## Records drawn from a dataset

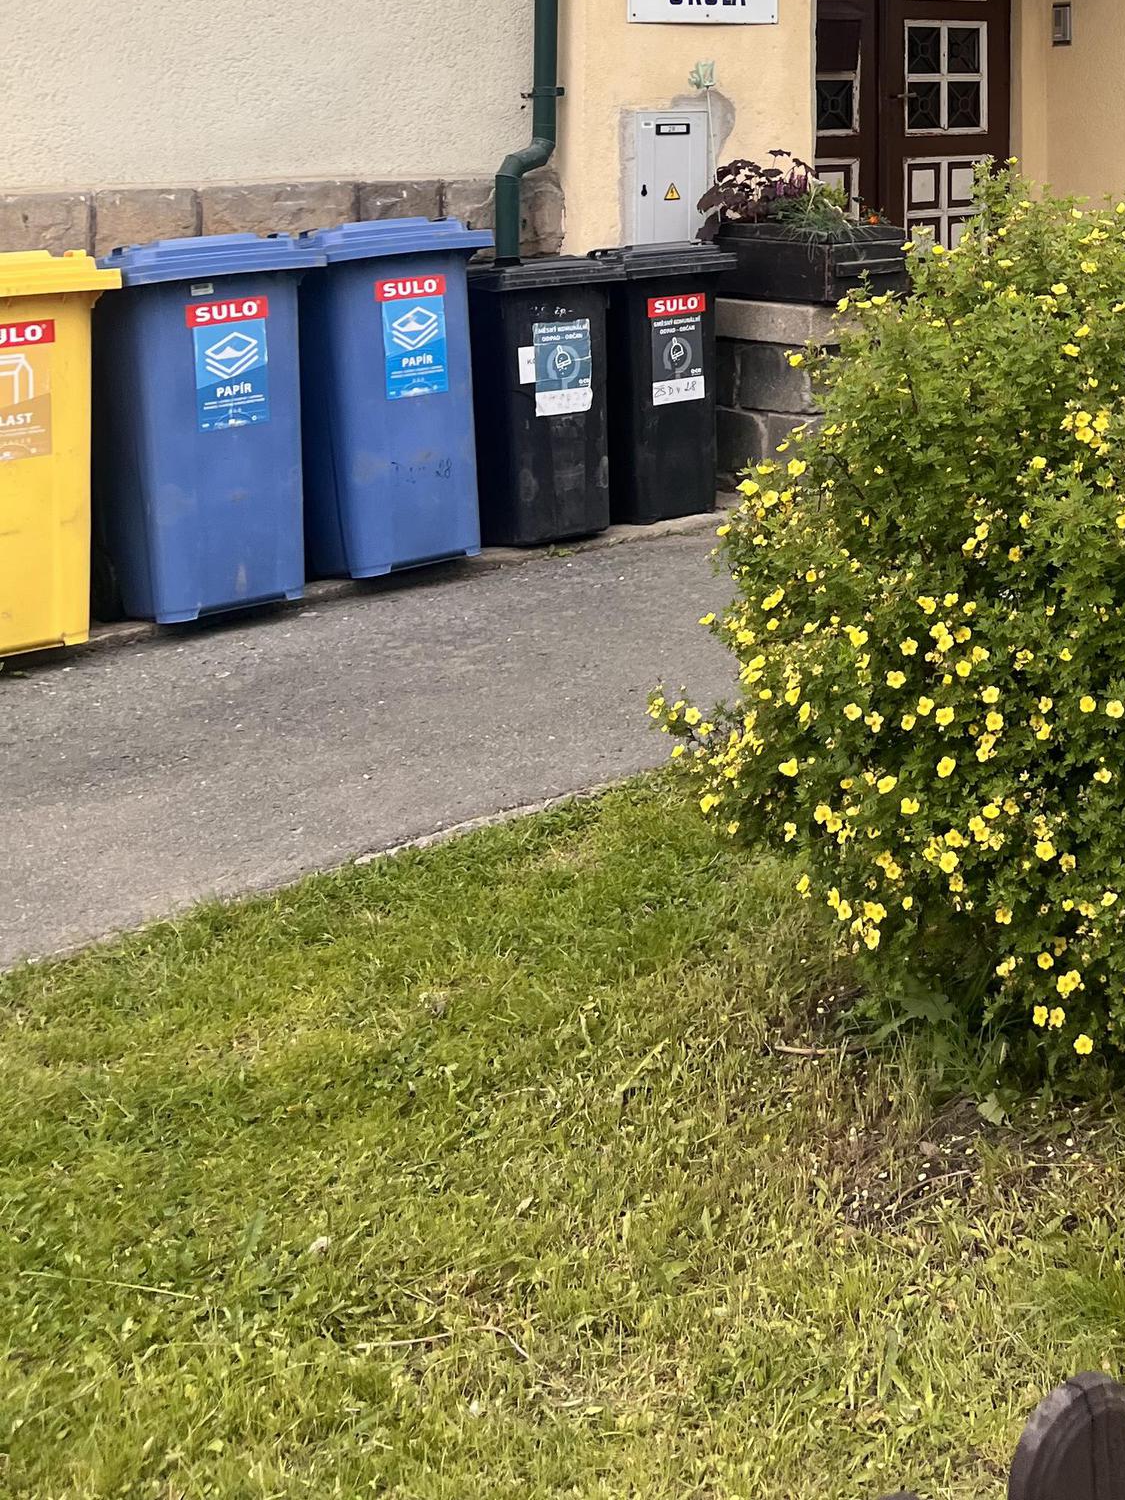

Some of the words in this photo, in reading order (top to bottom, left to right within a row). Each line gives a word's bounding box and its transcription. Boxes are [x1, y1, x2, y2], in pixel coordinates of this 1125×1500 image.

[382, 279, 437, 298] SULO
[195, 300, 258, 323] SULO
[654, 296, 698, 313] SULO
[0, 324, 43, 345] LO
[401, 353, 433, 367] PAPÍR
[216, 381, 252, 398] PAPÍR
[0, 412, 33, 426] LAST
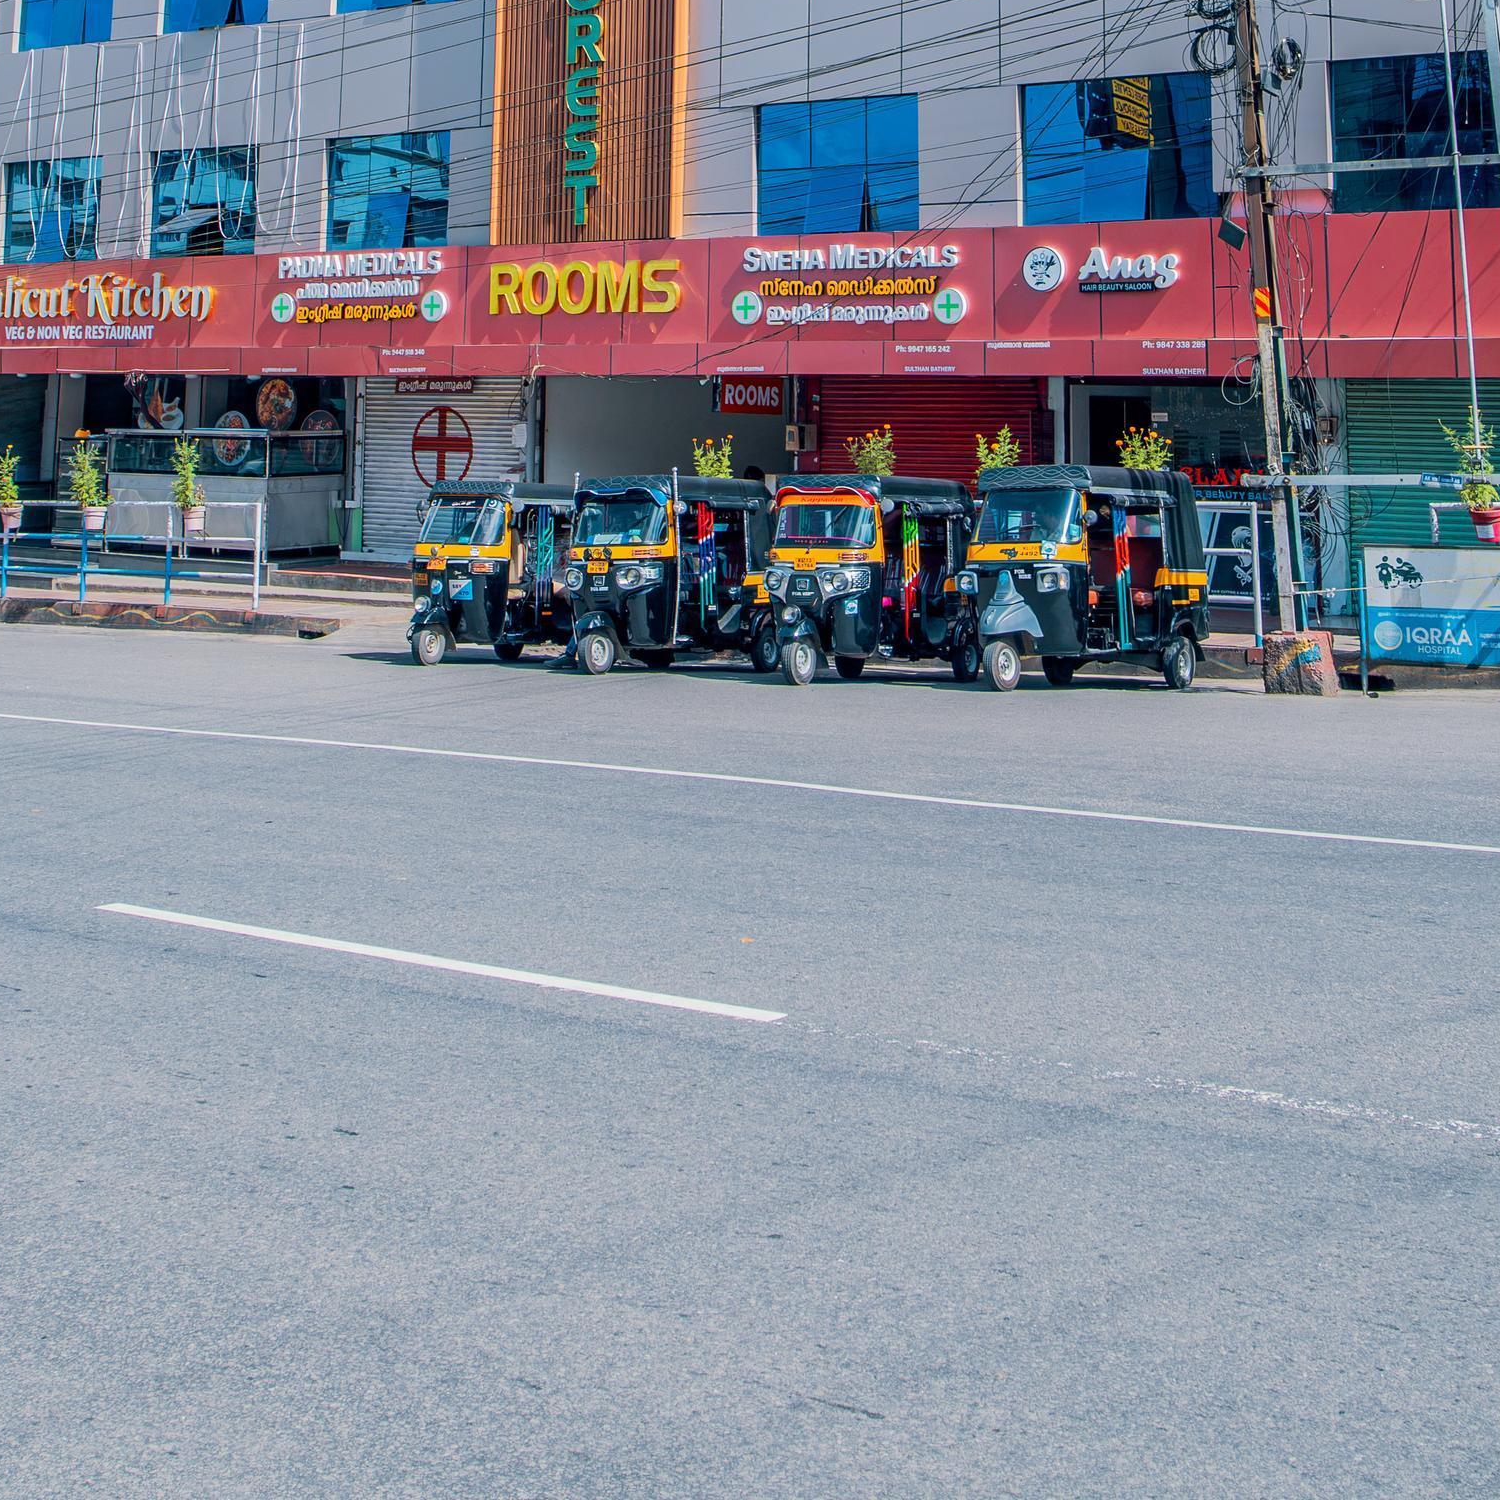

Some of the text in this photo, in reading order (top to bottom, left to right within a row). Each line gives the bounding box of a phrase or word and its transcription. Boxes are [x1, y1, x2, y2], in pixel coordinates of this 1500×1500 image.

## EXERCISE BRIEF
All of the records need repeating exactly, except for the pictures.

## SOLUTION FOR THIS TASK
Some of the words in this photo, in reading order (top to bottom, left to right within a row). Each line gives a word's bounding box and its transcription. Boxes are [x1, y1, x2, y2], in pixel coordinates of this 1125×1500 image.

[382, 279, 437, 298] SULO
[195, 300, 258, 323] SULO
[654, 296, 698, 313] SULO
[0, 324, 43, 345] LO
[401, 353, 433, 367] PAPÍR
[216, 381, 252, 398] PAPÍR
[0, 412, 33, 426] LAST

Some of the text in this photo, in reading order (top to bottom, left to right within a row). Each line gives the bounding box of a phrase or word and its transcription. Boxes are [x1, y1, x2, y2], in pixel coordinates of this 1500×1500 image.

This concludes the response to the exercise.